Friday, May 29, 2015
Griffin Hall
Rachel Brandstadter, MD , Neurology, Icahn School of Medicine at Mount Sinai, New York, NY
Christine Hannigan, BS , Neurology, Icahn School of Medicine at Mount Sinai, New York, NY
Stephen Krieger, MD , Icahn School of Medicine, Corinne Goldsmith Dickinson Center for Multiple Sclerosis, New York, NY



Background: Morning report is a universal component of neurology resident education and a crucial venue where future neurologists' clinical acumen is refined.

Objectives: To characterize cases of demyelinating disease/multiple sclerosis (MS) seen by on-call neurology residents and to assess accuracy of their initial diagnostic impressions, identifying individual and systemic educational needs to improve MS diagnosis.

Methods: For 3 academic years (July 2010 to June 2013) all patients independently assessed and presented by on-call junior residents during our daily morning report were databased.
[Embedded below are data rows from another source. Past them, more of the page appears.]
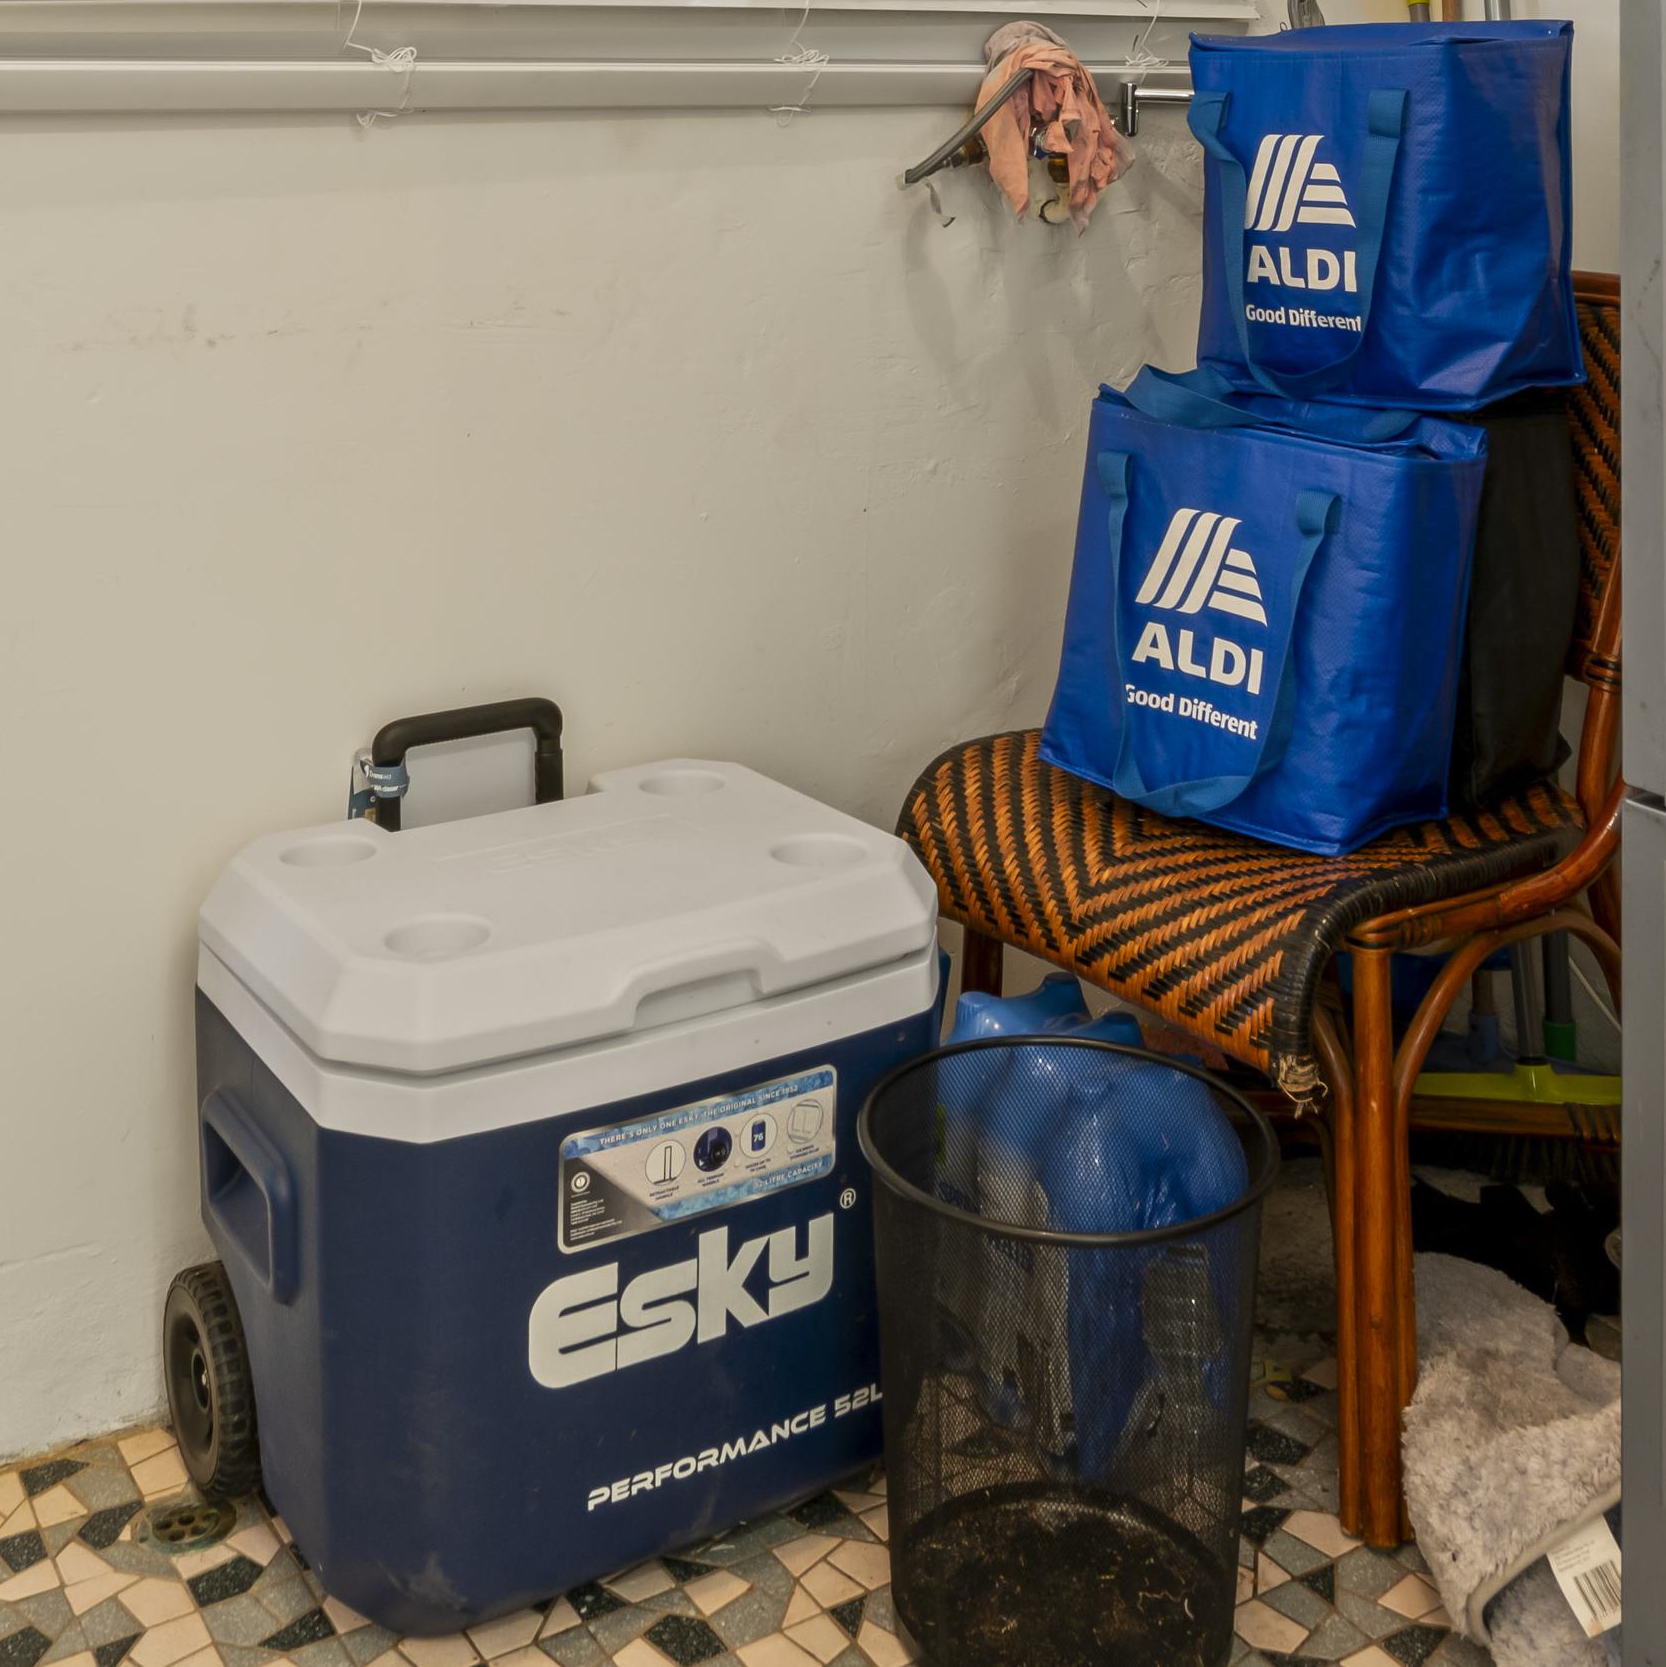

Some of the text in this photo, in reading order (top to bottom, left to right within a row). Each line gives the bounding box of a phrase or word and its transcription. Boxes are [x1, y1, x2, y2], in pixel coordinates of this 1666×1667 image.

[1247, 245, 1357, 292] ALDI
[1246, 304, 1361, 332] Good Different
[1132, 621, 1264, 695] ALDI
[1178, 697, 1258, 740] Different
[636, 1123, 657, 1137] ONLY
[659, 1118, 677, 1130] ONE
[719, 1096, 756, 1113] ORIGINAL
[757, 1090, 780, 1102] SINCE
[752, 1131, 763, 1143] 76
[788, 1160, 822, 1178] CAPACITY
[588, 1383, 883, 1511] PERFORMANCE 52L
We recorded the residents' initial diagnostic impression and "closed the loop" by revisiting each case after reviewing the final diagnosis. We categorized cases as having a final diagnosis of a primary neurological condition or as "non-neurological" (medical, psychiatric, ophthalmologic, other). Neurological cases were cataloged by etiology, including demyelinating disease/MS. We compared residents' initial diagnostic impression to the final diagnosis to assess whether the initial impression was accurate or inaccurate.
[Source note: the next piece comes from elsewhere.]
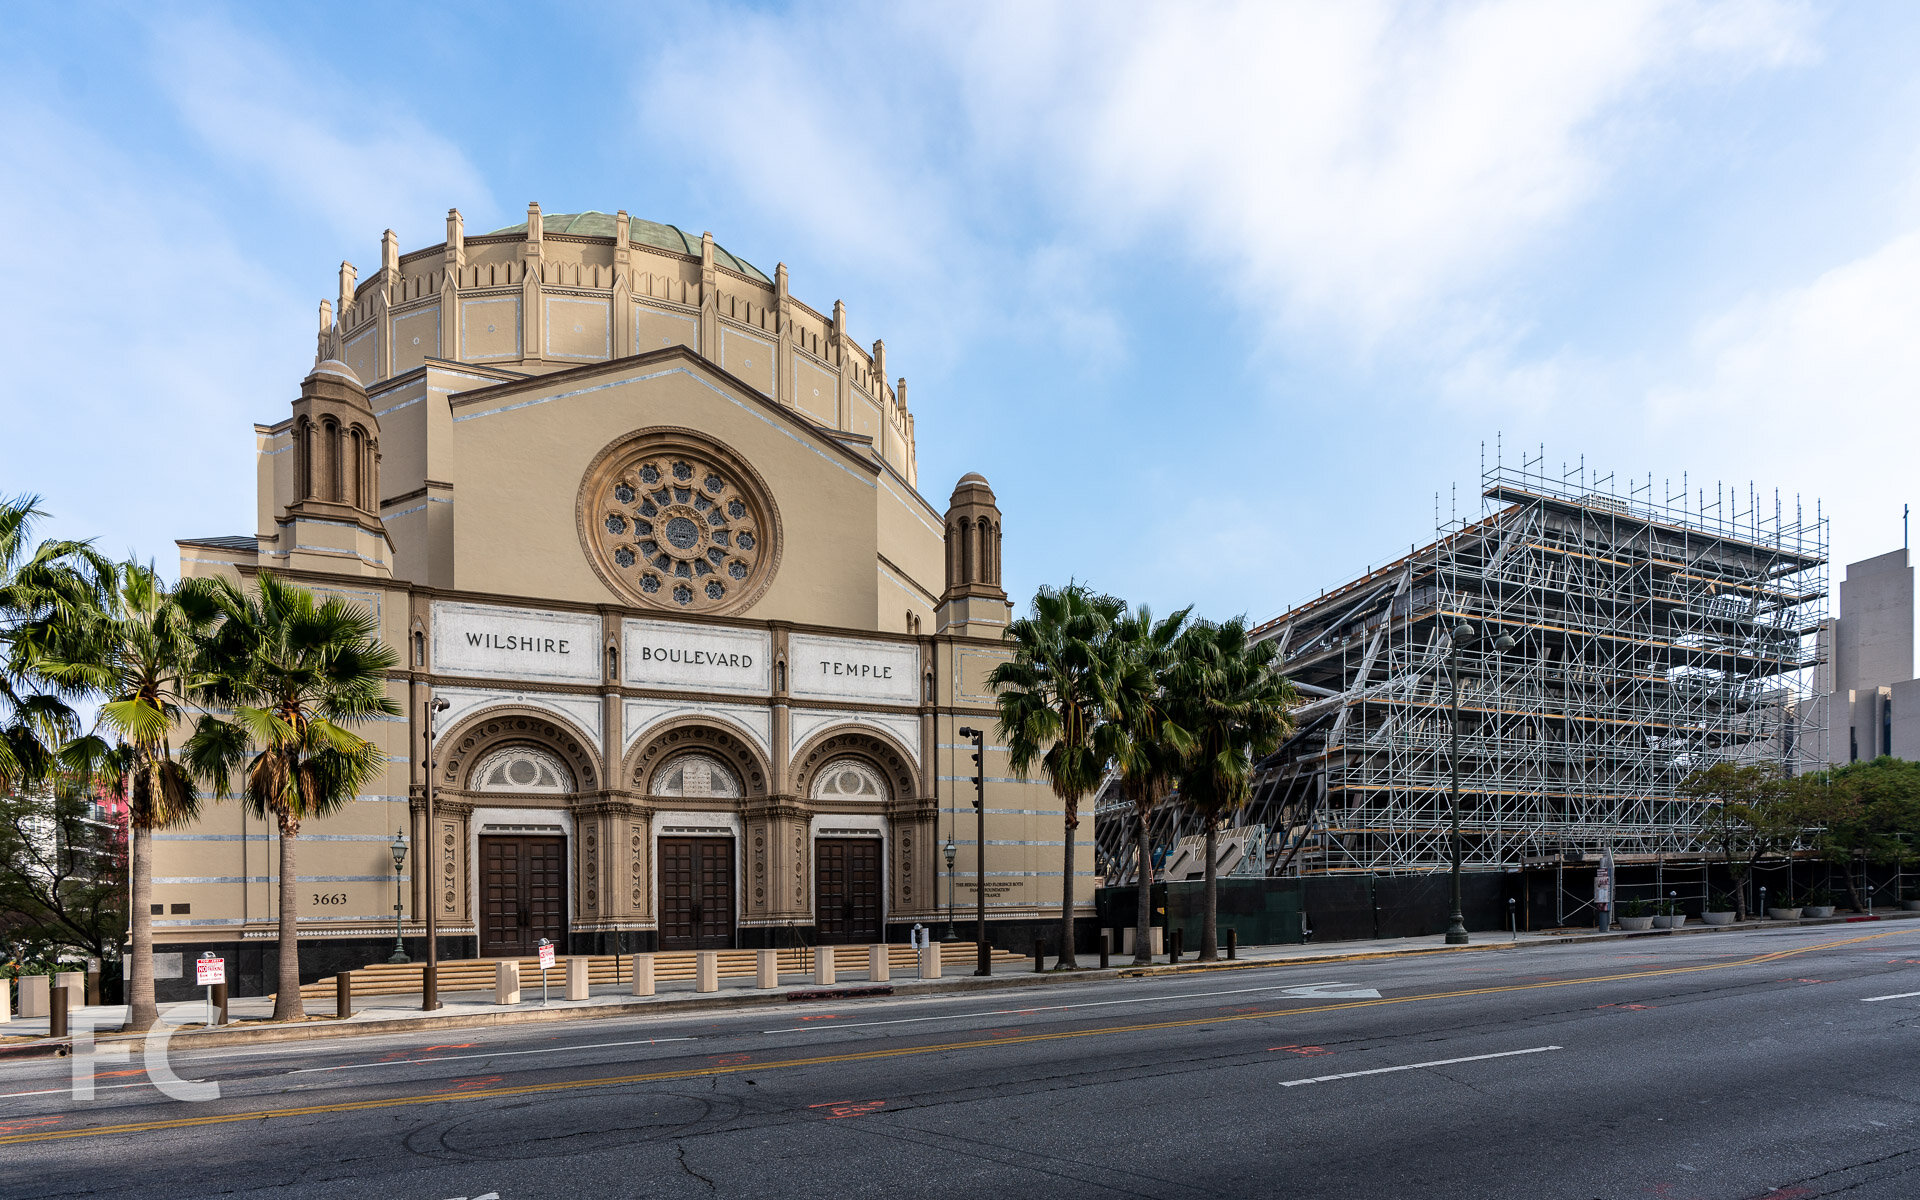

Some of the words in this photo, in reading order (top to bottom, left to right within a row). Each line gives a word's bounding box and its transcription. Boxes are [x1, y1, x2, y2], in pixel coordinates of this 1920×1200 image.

[466, 632, 570, 654] WILSHIRE
[642, 646, 752, 668] BOULEVARD
[820, 661, 893, 679] TEMPLE
[312, 893, 347, 905] 3663
Results: 834 cases were presented in total and 31 (3.7%) had a final diagnosis of demyelinating disease/MS. Overall resident diagnostic accuracy was 70.9%, with accuracy of 74.2% for demyelinating disease/MS. Residents' highest accuracy was in ischemic stroke (82.3%) and seizure (75.6%), which were the most frequent diagnoses presented (n = 121 and 59, respectively). MS-related errors were analyzed: there were 8 cases of demyelinating disease/MS that were initially missed, including those mistakenly diagnosed as CNS infection, medical illness, trauma, and neoplasm. Conversely, there were 13 cases erroneously initially diagnosed as demyelinating disease, which were ultimately determined to have other conditions including medical illness, neoplasm, neuropathy, and psychiatric illness. 
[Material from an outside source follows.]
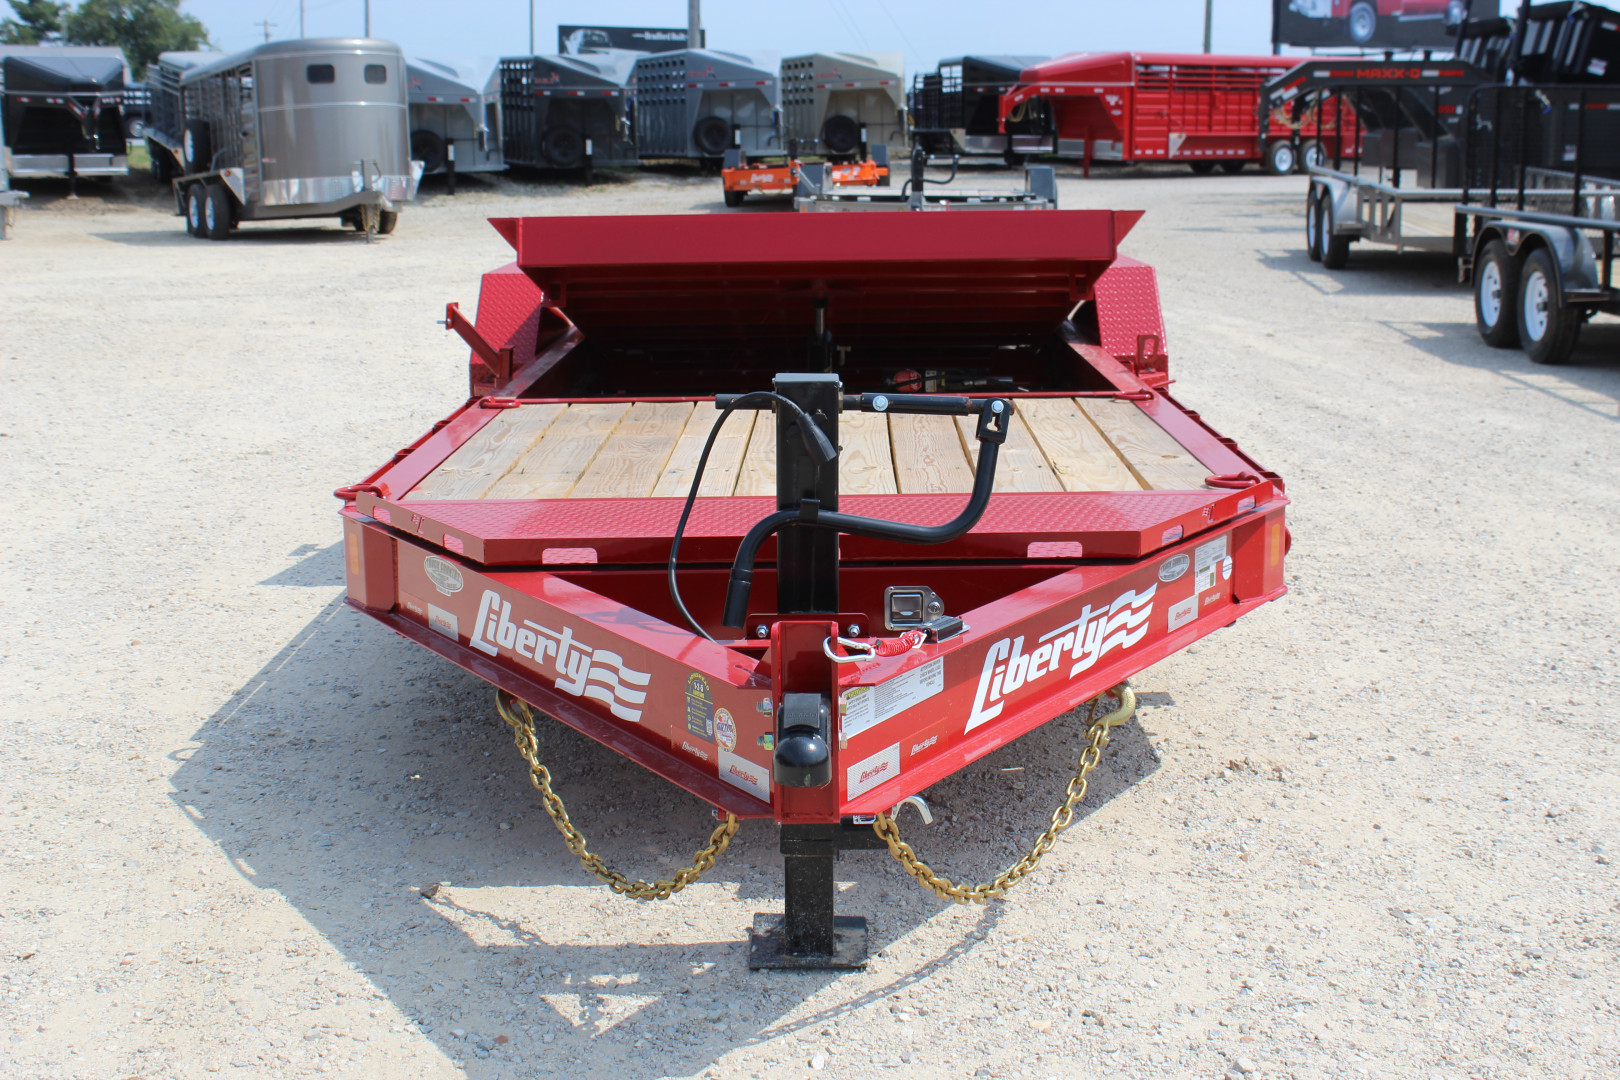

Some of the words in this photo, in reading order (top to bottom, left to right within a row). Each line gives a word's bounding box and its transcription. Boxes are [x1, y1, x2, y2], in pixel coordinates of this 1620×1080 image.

[1356, 68, 1421, 79] MAXX-D
[469, 589, 594, 697] Liberty
[963, 603, 1111, 736] Liberty
Conclusions: This project presents a novel educational initiative to assess and improve neurology resident clinical acumen. Diagnostic accuracy for identifying MS/demyelinating disorders was less than the accuracy of the most frequent diagnoses seen by residents (ischemic stroke and seizure), likely due to the smaller number of cases presented in this category. It is essential for future neurologists to be highly proficient in diagnosis MS.  By analyzing the specific types of errors made, we can refine educational strategies to enhance residents’ MS-related diagnostic skills.